Mon style est né de la répétition. Ceci étant dit, je pratique cette musique en jazzman, en improvisateur. Je ne suis pas un compositeur qui patiemment bâtit des structures mélodiques par un travail méthodique. Je ne réécris pas mes textes, tout juste changé-je un mot par ci par là, ajusté-je la ponctuation parce que, pendant l'acte d'écrire, ces éléments étrangers de la technique passent parfois à la trappe. Mais au final l'âme lectrice fera toujours violence au texte, elle le doit, c'est une interprétation, c'est pourquoi je ne passe aussi que très peu de temps sur la relecture de ma ponctuation. Ce que je vise, c'est l'expression directe et sans intermédiaire de mon sentiment et de ma pensée. Tous les textes qui ont été le fruit d'un travail patient me sont indigestes. Je n'ai aimé que ceux qui sont sortis d'un jet, d'un mouvement libre et aisé, comme une calligraphie de l'âme. C'est bel et bien le sport qui se pratique en ce blog, la calligraphie de l'âme par les mots et leur musicalité.

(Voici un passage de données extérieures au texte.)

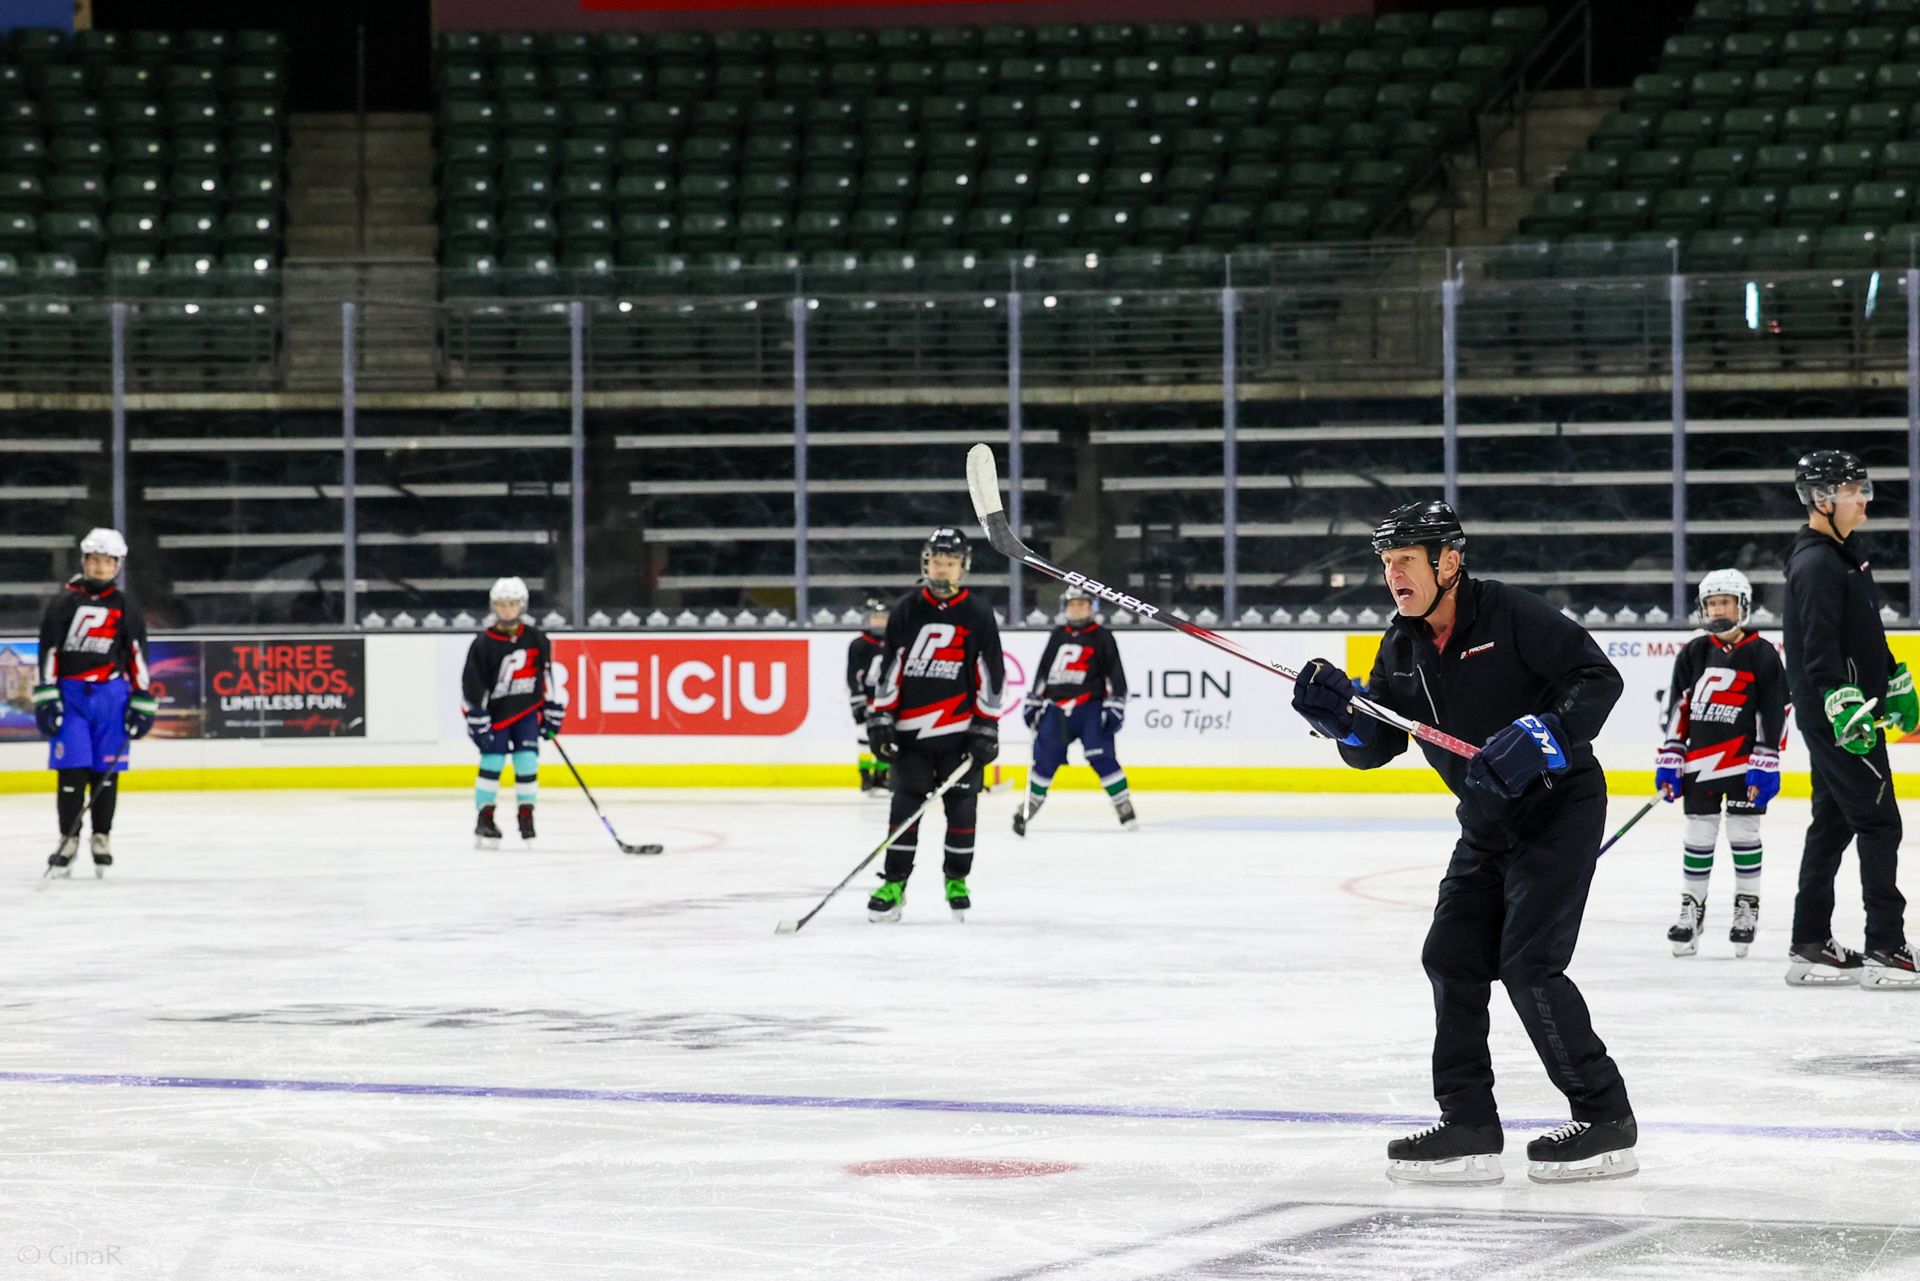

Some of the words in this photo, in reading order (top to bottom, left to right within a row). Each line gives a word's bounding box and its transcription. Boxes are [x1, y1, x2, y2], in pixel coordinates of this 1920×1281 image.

Car les mots appartiennent à la musique, ils sont sa forme la moins brut, certes, peut-être la moins pure aussi, mais ils sont définitivement de son sang. En tant que musicien patenté - à vrai dire je peux expliquer toutes vies et toutes choses par la musique -, les mots sont l'instrument avec lequel je suis le plus familier. Bien que je garde quelques brouillons dans mes tiroirs virtuels, j'expose ici sans fard, quasiment toutes mes séances d'entrainement, je veux parler de celles, bien sûr, où j'empoigne mon instrument pour en tirer la musique de mon âme. Je ne peux partager les autres moments, qui constituent pourtant une part essentielle de mon temps, où je joue sans pouvoir écrire, où donc je pratique mon instrument par la pensée, par le regard et par les sens.

Voilà pourquoi je n'effacerai rien ici, bien que beaucoup de choses heurtent ma sensibilité... Je laisse mon témoignage pour que les gens, s'ils veulent croire au génie, le fassent en toute conscience, sans avoir cette foi aveugle qui s'érige en ennemi du temps et des métamorphoses, c'est à dire en ennemi du mouvement et de la relation.